Conan-Saga 34 - Conan der Marodeur
ich dort Fußtruppen aus den Eingeborenen aufstellen. Aus Khitai habe ich dann die besten Belagerungsingenieure der Welt, samt ihren Maschinen und Kriegslisten. Sollte ich den Wunsch haben, die Schwarzen Nationen einzunehmen, habe ich bis dahin ein so riesiges Heer, daß es ohne Belang ist, wenn ich die Hälfte der Männer durch eine Seuche verliere.«
Conan nippte am Wein. »Wenn ich dich recht verstehe, hast du also vor, die ganze Welt zu erobern.«
»Genau das habe ich vor«, bestätigte der Kagan.
Conan betrachtete sein Gesicht. Da funkelte kein Schimmer des Wahnsinns in den Augen. Für Bartatua war seine Bestimmung, Herr der Welt zu werden, so natürlich wie der tägliche Aufgang der Sonne über der Steppe.

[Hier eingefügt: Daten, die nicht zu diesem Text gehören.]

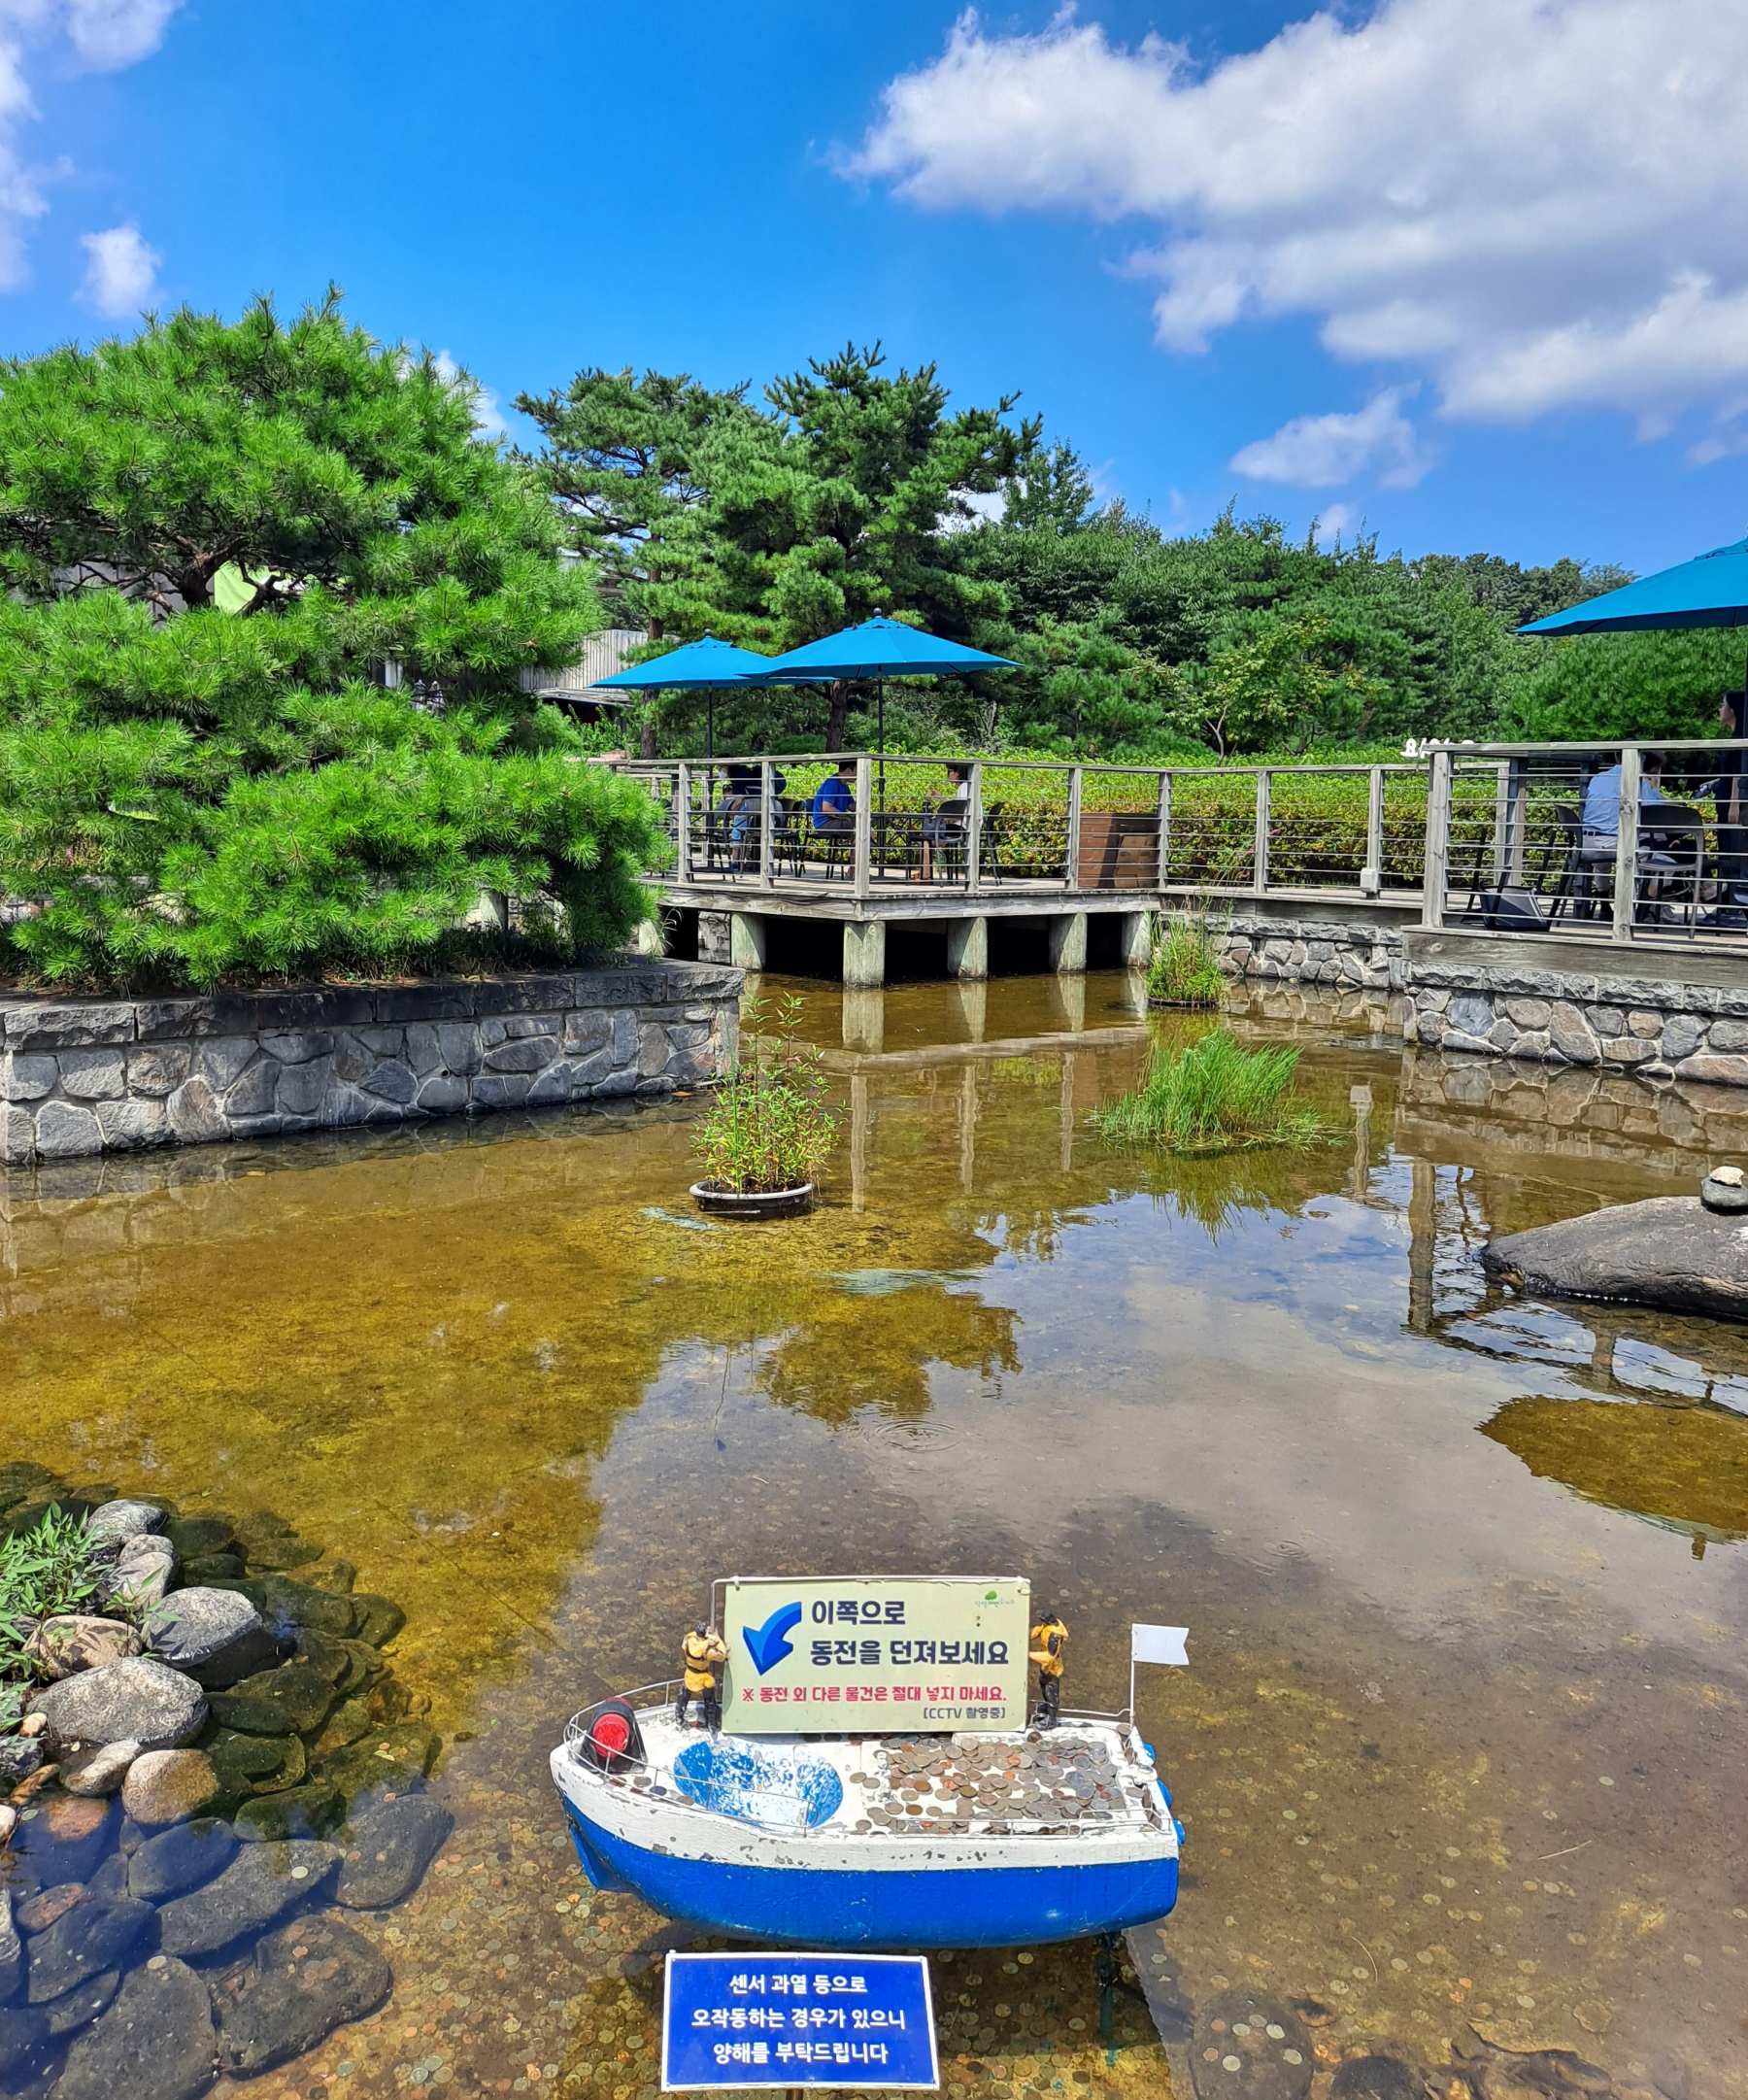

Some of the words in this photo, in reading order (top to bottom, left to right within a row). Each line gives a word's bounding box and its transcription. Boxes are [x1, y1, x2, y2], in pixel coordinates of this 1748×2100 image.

[812, 1601, 905, 1625] 이쪽으로
[811, 1641, 881, 1666] 동전을
[890, 1640, 1009, 1665] 던져보세요
[760, 1687, 788, 1702] 동전
[793, 1687, 806, 1701] 외
[813, 1687, 840, 1701] 다른
[846, 1687, 888, 1701] 물건은
[892, 1686, 921, 1701] 절대
[926, 1687, 954, 1701] 넣지
[959, 1686, 1006, 1701] 마세요.
[729, 1975, 765, 1994] 센서
[771, 1975, 807, 1994] 과열
[813, 1975, 867, 1994] 등으로
[691, 2008, 785, 2029] 오작동하는
[791, 2008, 846, 2028] 경우가
[852, 2009, 905, 2030] 있으니
[714, 2043, 769, 2064] 양해를
[776, 2042, 889, 2064] 부탁드립니다

»Ich wurde in eine chaotische Welt hineingeboren«, erklärte der Kagan. »In eine Welt, in der die ganze Menschheit in eine absurde Anzahl von Völkern und Königreichen geteilt ist, die sich völlig unnötig in kleinlichem Gezänk aufreiben und oft von Narren regiert werden, deren einziger Vorrang die Geburt ist, als ob man Regierungskunst durch Zucht erreichen könnte, wie Schnelligkeit bei Pferden oder Fett bei Rindern.«
»Ich habe nie viel Sinn im Vorrecht einer adligen Herkunft entdecken können«, sagte Conan ehrlich. »Bei meinem Volk sind alle gleich, und alle Männer sind Krieger. Clanführer tragen den Familiennamen. Die Führung im Krieg geht an den Krieger, der sich am besten bewiesen hat, ganz gleich, ob er Häuptling oder Schafhirte ist.«
»Bei uns ist es nicht viel anders. Du kannst dir also vorstellen, daß mich die sinnlose Situation in der Welt aufregt. Solange es über uns den Immerwährenden Himmel gibt, sollte es auch nur einen Herrscher auf der Erde geben. Mein Schicksal ist es, dieser Herrscher zu werden. Alle, die mir helfen, dieser Alleinherrscher zu werden, mache ich zu großen Herren. Mein erster Schritt war die Vereinigung der Steppenvölker. Das war eine äußerst schwierige Aufgabe. Du hast gesehen, in wie viele Parteien sie gespalten sind, die einander befehden. Einige essen Pferdefleisch, andere halten Pferdefleischesser für Gotteslästerer. Die rothaarigen Budini sind die größten Säufer unter der Sonne. Die meisten glauben, daß die grün tätowierten Geruls Menschenfresser sind. Nur die größte Willensanstrengung kann aus so unabhängigen Völkern eine vereinigte Armee machen.«
»Sie scheinen zufrieden zu sein, dir zu folgen«, sagte Conan.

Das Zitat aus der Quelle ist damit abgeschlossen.